Bro, such a tale, I loved it, one of the best half hour spent of my life.
I absolutely love these videos! Everyone that I have watched shows a great dedication to the research and story of some amazing PNW tales! Keep up the good work!
Well, that all I need to hear. I subbed. I hope you’re right. Not like it would be the end of the world if I didn’t like it. At least it isn’t about shoes or socks. Who would make videos about that??
Shut up
A very fascinating story that you turned into an equally fascinating video ! Thanks !
Yes More Oregon/PNW Content!!
Thank you for this documentary. Fascinating!
Thoroughly interesting, thank you, Peter.
Amazing documentary! Thank you for doing the work to make this possible.
Great work!
Another amazing video! Thank you for all your work.
What a fascinating video! This was completely under my radar - I had never even heard of the Port Orford meteorite before watching this video.
Very interesting and well told story. The music was great and listed in "Show More" section. Great job Peter.
This was so well done. I thoroughly enjoyed it, thank you.
A local legend, love this story about my beautiful home.
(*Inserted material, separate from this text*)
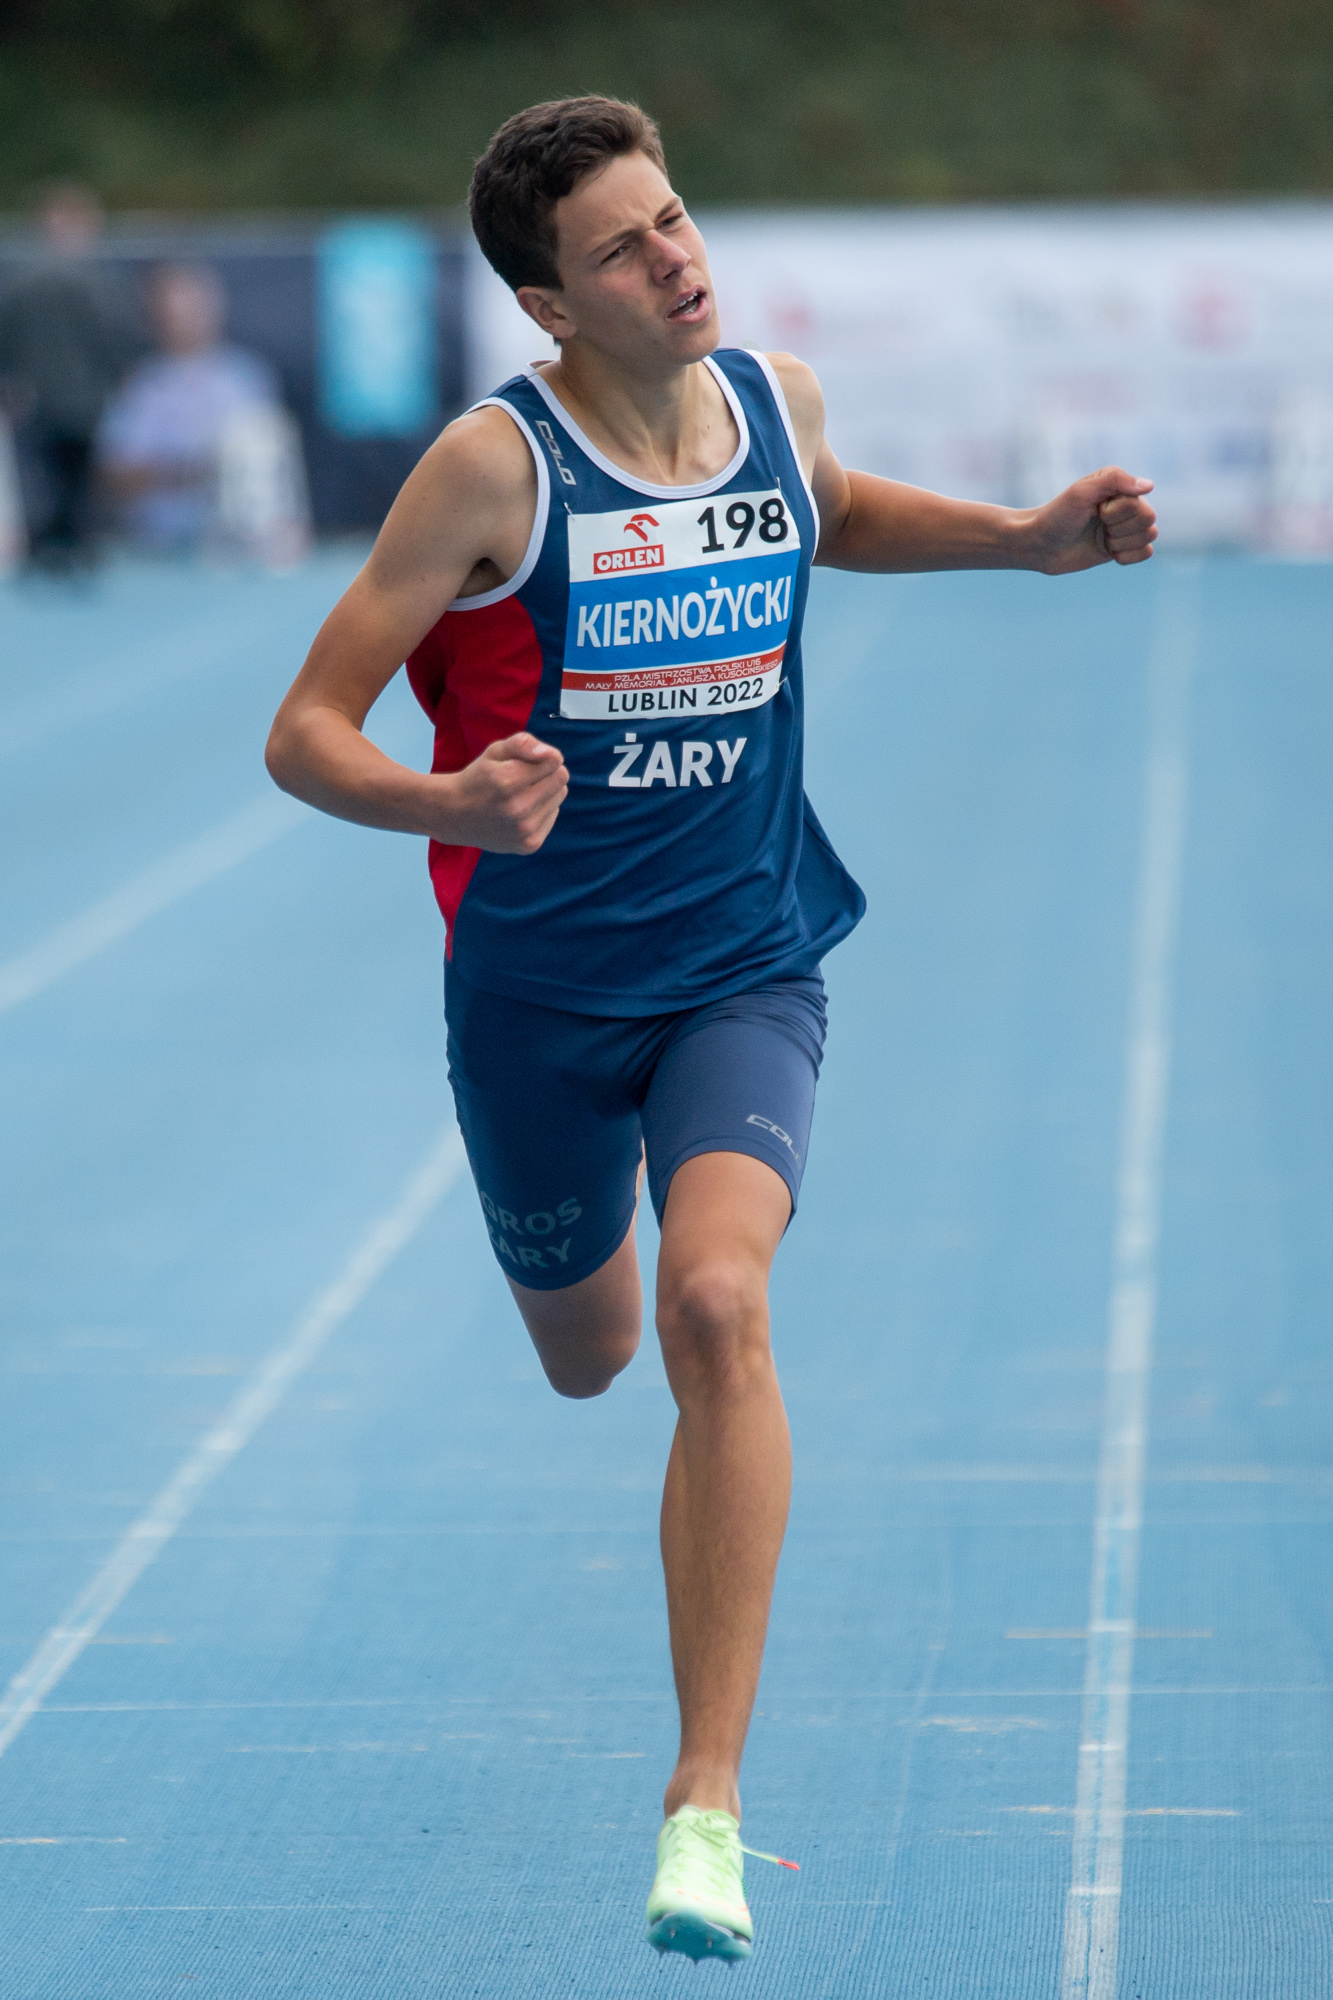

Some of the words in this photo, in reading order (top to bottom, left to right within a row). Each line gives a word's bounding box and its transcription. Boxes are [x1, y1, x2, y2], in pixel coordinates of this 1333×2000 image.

Thanks for sharing this lesser known history about Coos/Curry county
Such an amazing story that took a turn I never would have expected! Your content is such high quality an have enjoyed every video of yours (so far)!
Well laid out report for us to see and hear. Thank You.
Your work is an amazing masterpiece, keep going and never give up!
This is a very detailed historical account. Nice job!
Love this kind of documentary! Keep up the great work 😃
Peter- I LOVE your videos- I was just looking you up to show my roomate your video about the freeway system that could have been and I was like “omg he just posted a new video 4 hours ago, let’s watch that instead!” Really appreciate the content and research put into your videos- the freest system one was just fascinating thinking of what it all could have been like (and how much easier it would have been to get around the city). Keep it up, more Oregon PNW content!!
Thanks a lot! 😊 Another Oregon topic is already well underway.
Wish I had better words to convey how interesting, entertaining and overall outstanding this video is. Instant subscriber/fan. Well done, you!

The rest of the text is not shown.